Coffee Futures: Tasting New Hybrid Coffees was organized by World Coffee Research (WCR) and offered a unique opportunity to taste some F1 Hybrids. There was Starmaya—the first F1 Hybrid from seed; Mudndo Maya—a cross between a Timor Hybrid and a wild Ethiopian accession; and Centroamericano—a cross between a Timor Hybrid and Rume Sudan variety.
Re:co Symposium fellow Olivia Auell designed the final exercise of the day—Narrowing the Senses: The Physiology of Taste. This mind bending exercise involved a bitterness blocker and a sweetness blocker to alter one’s expectations and perceptions of taste. The aftereffect of the experiment truly altered the way that one perceived flavor and made one rethink a lot of what we know about sensory experiences.

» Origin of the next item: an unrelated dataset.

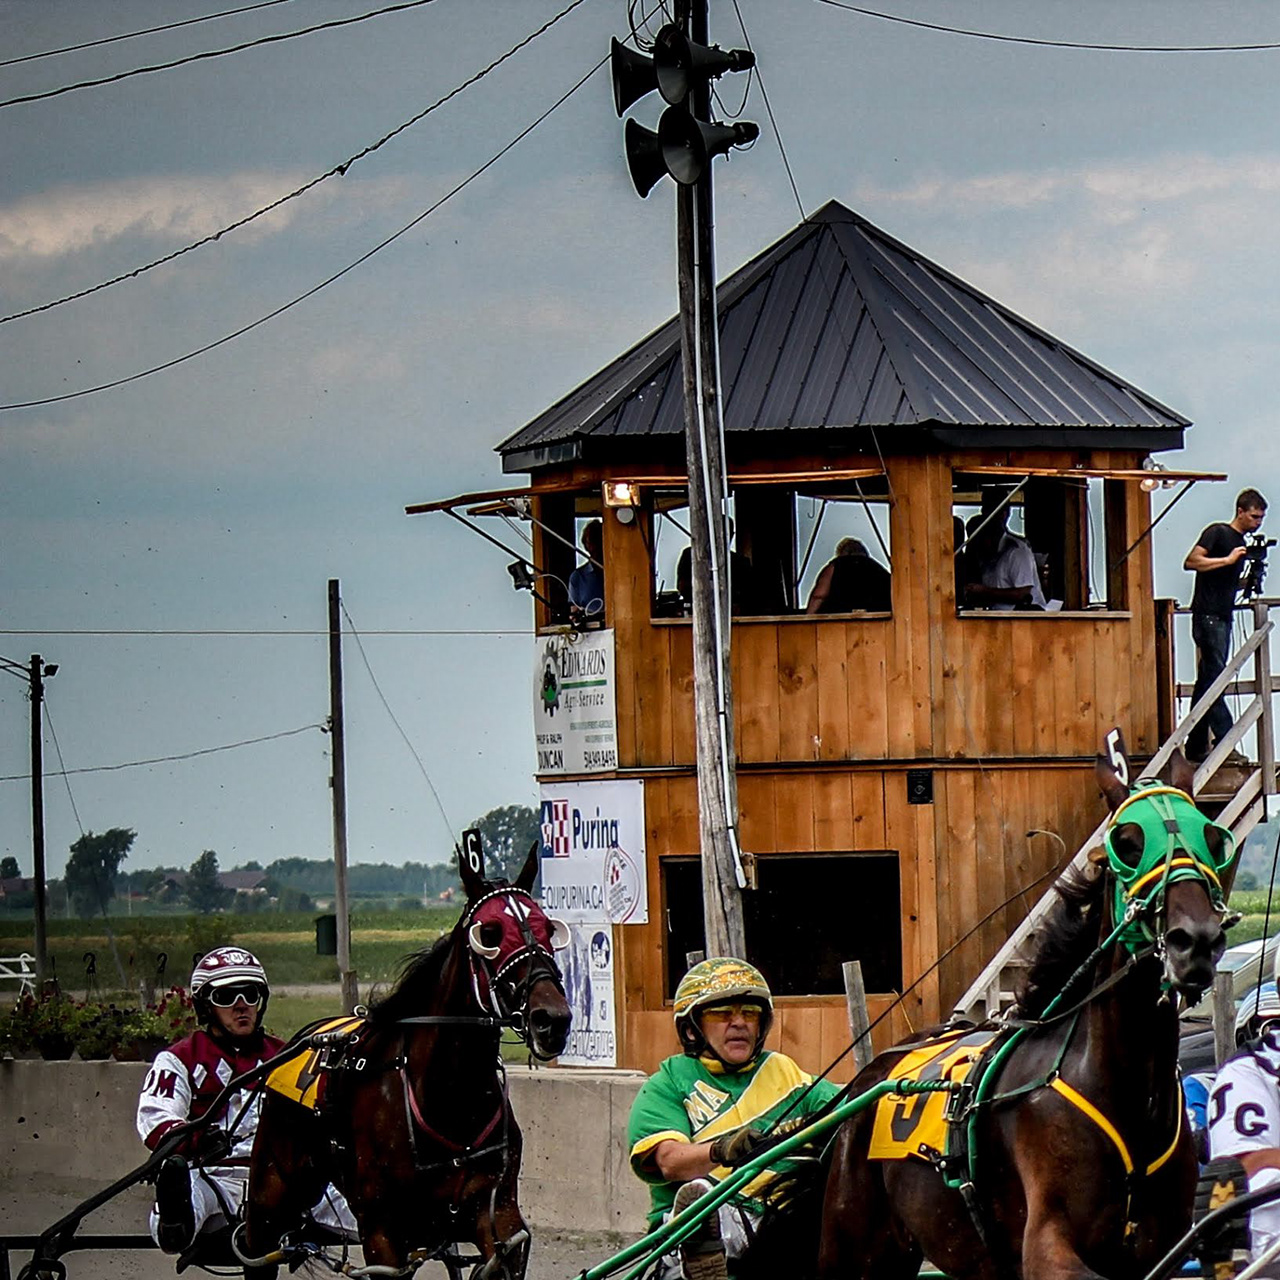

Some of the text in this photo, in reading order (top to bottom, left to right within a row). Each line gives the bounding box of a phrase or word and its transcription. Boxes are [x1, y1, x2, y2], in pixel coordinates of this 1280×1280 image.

Day two started off with a wine experience designed by Dr. Henry “Hoby” Wedler from UC Davis. It involved a bunch of wine aromatics and tasting of three wines. In fact, there were only two—but part of the experience was to see how one’s perceptions changed based on context and sensory inputs. It was a pretty fascinating activity.
Dr. Amina Harris helped to design a honey tasting, illustrating the differences in honey and how there are so many fields that we as coffee professionals can learn from. There were three very distinctly different honeys to taste and compare.

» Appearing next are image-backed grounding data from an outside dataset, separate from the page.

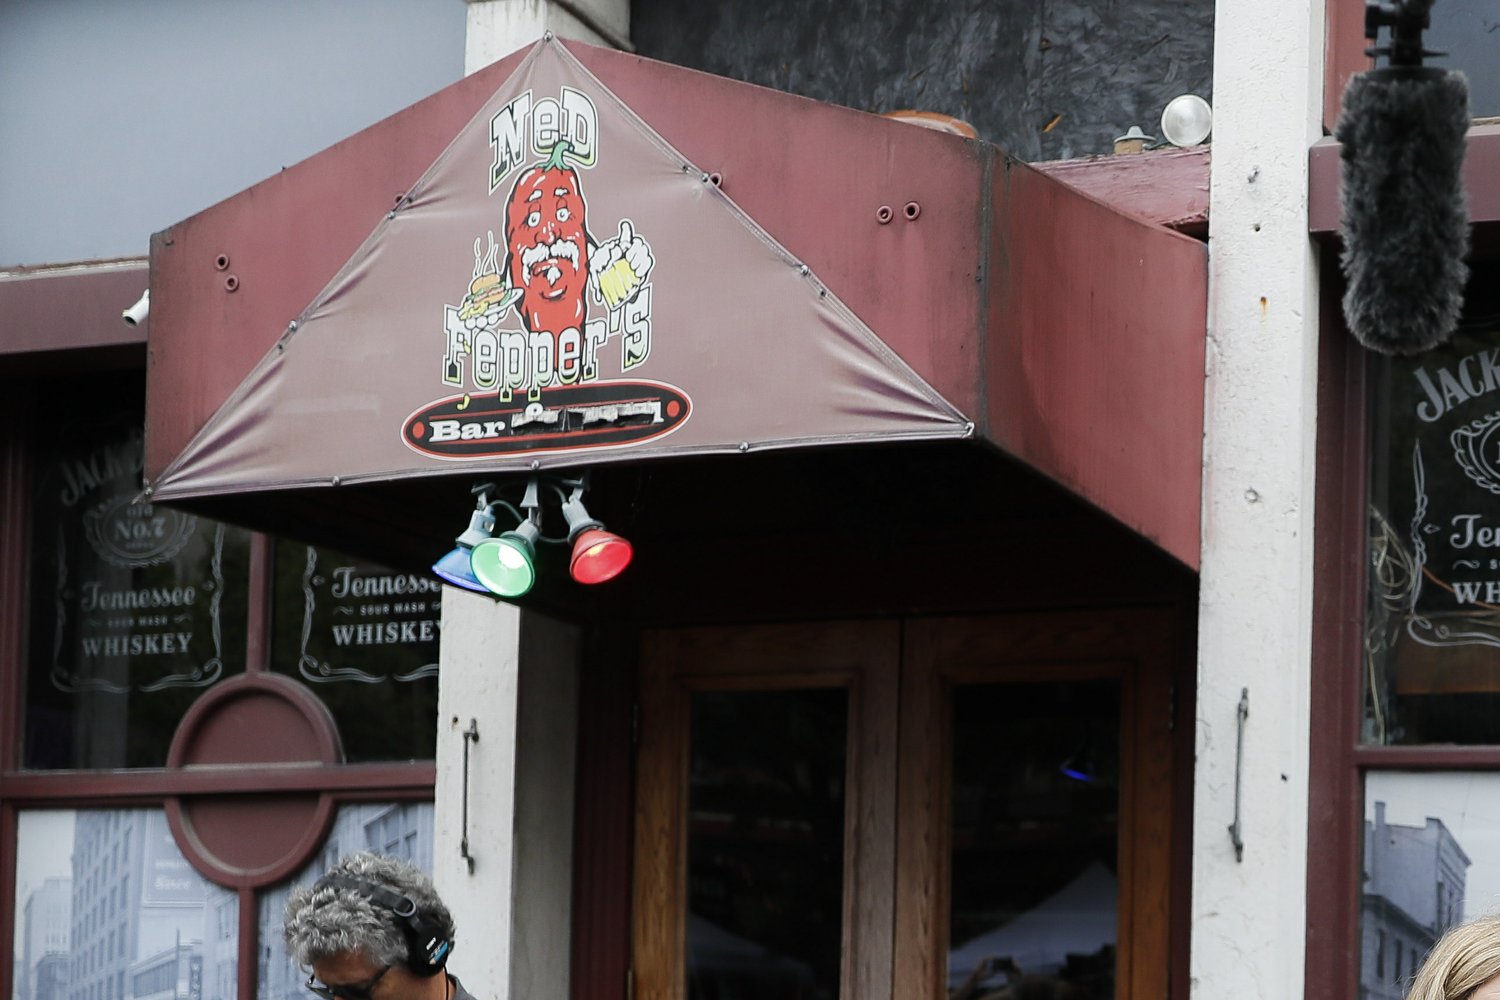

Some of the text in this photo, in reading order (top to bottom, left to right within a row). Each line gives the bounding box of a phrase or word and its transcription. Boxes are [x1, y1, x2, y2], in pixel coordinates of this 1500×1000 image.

[443, 284, 653, 403] Pepper's
[428, 419, 505, 443] Bar
[81, 580, 196, 612] Tennessee
[82, 632, 192, 657] WHISKEY
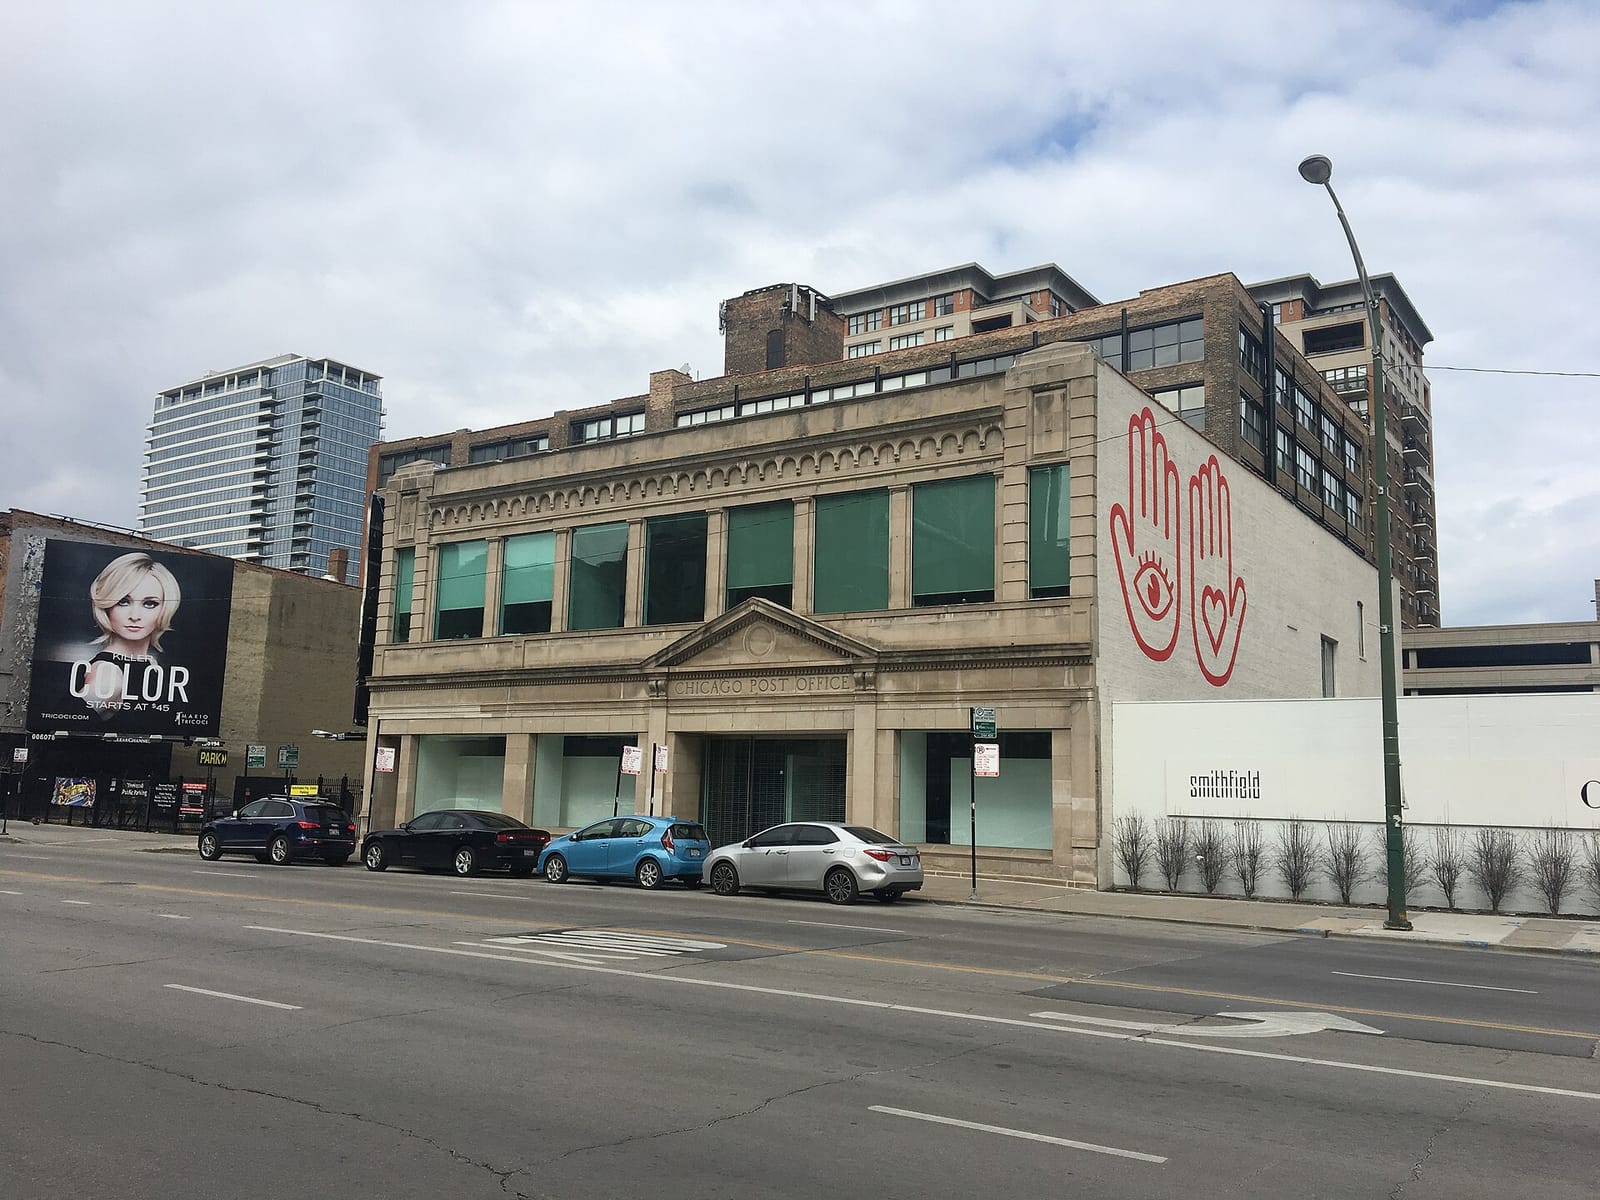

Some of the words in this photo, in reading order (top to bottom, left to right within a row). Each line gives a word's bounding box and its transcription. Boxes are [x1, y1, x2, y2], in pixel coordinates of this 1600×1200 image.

[112, 653, 153, 663] KILLER
[69, 659, 189, 703] COLOR
[675, 680, 743, 695] CHICAGO
[750, 678, 789, 692] POST
[796, 675, 850, 691] OFFICE
[86, 700, 131, 711] STARTS
[134, 703, 148, 711] AT
[151, 703, 170, 712] $45
[41, 712, 89, 720] TRICOCI.COM
[1190, 769, 1260, 799] smithfield

Last, but not least, George Howell designed an experience in conjunction with a talk given by Dr. Christopher Hendon which involved previously frozen green coffee. We tasted vintages from 2012 and 2013 with barely a hint of age…which was pretty mind-altering in the way that we can think about preserving and maintaining the quality of coffee.
All in all, it was a great two days of experimentation, discussion and opening up one’s mind to the opportunities out there. One of the great things about coffee is that it doesn’t stagnate and there is always something to learn.
Steven Lee is the Director of Coffee for Groundwork Coffee and serves on the Roasters Guild Executive Council. He was the Sensory Experience lead volunteer for Re:co.